Top of GIVEN DATA

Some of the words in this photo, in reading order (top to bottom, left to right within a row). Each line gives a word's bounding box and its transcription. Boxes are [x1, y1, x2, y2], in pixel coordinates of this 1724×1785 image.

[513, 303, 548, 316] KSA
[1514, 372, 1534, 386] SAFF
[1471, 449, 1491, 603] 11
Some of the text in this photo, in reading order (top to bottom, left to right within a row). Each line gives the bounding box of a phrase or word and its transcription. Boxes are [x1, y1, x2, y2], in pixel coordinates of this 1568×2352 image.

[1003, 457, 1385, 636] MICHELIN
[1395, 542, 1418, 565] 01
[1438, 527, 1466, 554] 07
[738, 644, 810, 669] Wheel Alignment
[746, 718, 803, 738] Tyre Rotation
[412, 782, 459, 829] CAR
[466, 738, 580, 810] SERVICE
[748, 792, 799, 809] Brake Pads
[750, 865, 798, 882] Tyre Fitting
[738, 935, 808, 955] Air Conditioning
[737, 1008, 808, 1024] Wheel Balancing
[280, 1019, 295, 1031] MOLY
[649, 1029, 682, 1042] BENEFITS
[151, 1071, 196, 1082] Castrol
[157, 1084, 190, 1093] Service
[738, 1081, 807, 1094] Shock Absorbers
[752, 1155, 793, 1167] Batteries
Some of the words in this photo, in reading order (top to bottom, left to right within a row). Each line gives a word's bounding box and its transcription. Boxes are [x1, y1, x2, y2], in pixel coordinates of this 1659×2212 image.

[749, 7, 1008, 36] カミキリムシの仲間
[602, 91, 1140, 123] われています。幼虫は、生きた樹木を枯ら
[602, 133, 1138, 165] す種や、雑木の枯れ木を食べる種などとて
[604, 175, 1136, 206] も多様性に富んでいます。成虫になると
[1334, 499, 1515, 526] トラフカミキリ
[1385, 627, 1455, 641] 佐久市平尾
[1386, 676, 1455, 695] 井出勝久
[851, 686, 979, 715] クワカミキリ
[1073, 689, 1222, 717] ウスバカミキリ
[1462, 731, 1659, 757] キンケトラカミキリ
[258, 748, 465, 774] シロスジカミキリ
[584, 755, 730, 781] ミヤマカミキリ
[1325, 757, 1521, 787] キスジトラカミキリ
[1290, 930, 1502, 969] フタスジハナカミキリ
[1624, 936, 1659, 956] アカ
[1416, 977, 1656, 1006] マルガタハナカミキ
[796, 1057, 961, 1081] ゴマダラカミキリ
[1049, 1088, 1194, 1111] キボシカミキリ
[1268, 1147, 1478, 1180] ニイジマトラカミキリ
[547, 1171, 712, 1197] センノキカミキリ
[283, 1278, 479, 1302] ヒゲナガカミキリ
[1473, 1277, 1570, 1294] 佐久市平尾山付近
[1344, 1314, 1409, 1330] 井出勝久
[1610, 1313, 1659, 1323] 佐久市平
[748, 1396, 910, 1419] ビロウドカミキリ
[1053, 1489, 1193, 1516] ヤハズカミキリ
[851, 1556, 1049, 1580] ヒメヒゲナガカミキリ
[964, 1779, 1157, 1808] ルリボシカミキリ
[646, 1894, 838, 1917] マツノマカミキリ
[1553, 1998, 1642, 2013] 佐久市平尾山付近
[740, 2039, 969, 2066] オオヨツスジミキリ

Bottom of GIVEN DATA

Restating the data word for word is the whole task.

Some of the words in this photo, in reading order (top to bottom, left to right within a row). Each line gives a word's bounding box and its transcription. Boxes are [x1, y1, x2, y2], in pixel coordinates of this 1724×1785 image.

[513, 303, 548, 316] KSA
[1514, 372, 1534, 386] SAFF
[1471, 449, 1491, 603] 11
Some of the text in this photo, in reading order (top to bottom, left to right within a row). Each line gives the bounding box of a phrase or word and its transcription. Boxes are [x1, y1, x2, y2], in pixel coordinates of this 1568×2352 image.

[1003, 457, 1385, 636] MICHELIN
[1395, 542, 1418, 565] 01
[1438, 527, 1466, 554] 07
[738, 644, 810, 669] Wheel Alignment
[746, 718, 803, 738] Tyre Rotation
[412, 782, 459, 829] CAR
[466, 738, 580, 810] SERVICE
[748, 792, 799, 809] Brake Pads
[750, 865, 798, 882] Tyre Fitting
[738, 935, 808, 955] Air Conditioning
[737, 1008, 808, 1024] Wheel Balancing
[280, 1019, 295, 1031] MOLY
[649, 1029, 682, 1042] BENEFITS
[151, 1071, 196, 1082] Castrol
[157, 1084, 190, 1093] Service
[738, 1081, 807, 1094] Shock Absorbers
[752, 1155, 793, 1167] Batteries
Some of the words in this photo, in reading order (top to bottom, left to right within a row). Each line gives a word's bounding box and its transcription. Boxes are [x1, y1, x2, y2], in pixel coordinates of this 1659×2212 image.

[749, 7, 1008, 36] カミキリムシの仲間
[602, 91, 1140, 123] われています。幼虫は、生きた樹木を枯ら
[602, 133, 1138, 165] す種や、雑木の枯れ木を食べる種などとて
[604, 175, 1136, 206] も多様性に富んでいます。成虫になると
[1334, 499, 1515, 526] トラフカミキリ
[1385, 627, 1455, 641] 佐久市平尾
[1386, 676, 1455, 695] 井出勝久
[851, 686, 979, 715] クワカミキリ
[1073, 689, 1222, 717] ウスバカミキリ
[1462, 731, 1659, 757] キンケトラカミキリ
[258, 748, 465, 774] シロスジカミキリ
[584, 755, 730, 781] ミヤマカミキリ
[1325, 757, 1521, 787] キスジトラカミキリ
[1290, 930, 1502, 969] フタスジハナカミキリ
[1624, 936, 1659, 956] アカ
[1416, 977, 1656, 1006] マルガタハナカミキ
[796, 1057, 961, 1081] ゴマダラカミキリ
[1049, 1088, 1194, 1111] キボシカミキリ
[1268, 1147, 1478, 1180] ニイジマトラカミキリ
[547, 1171, 712, 1197] センノキカミキリ
[283, 1278, 479, 1302] ヒゲナガカミキリ
[1473, 1277, 1570, 1294] 佐久市平尾山付近
[1344, 1314, 1409, 1330] 井出勝久
[1610, 1313, 1659, 1323] 佐久市平
[748, 1396, 910, 1419] ビロウドカミキリ
[1053, 1489, 1193, 1516] ヤハズカミキリ
[851, 1556, 1049, 1580] ヒメヒゲナガカミキリ
[964, 1779, 1157, 1808] ルリボシカミキリ
[646, 1894, 838, 1917] マツノマカミキリ
[1553, 1998, 1642, 2013] 佐久市平尾山付近
[740, 2039, 969, 2066] オオヨツスジミキリ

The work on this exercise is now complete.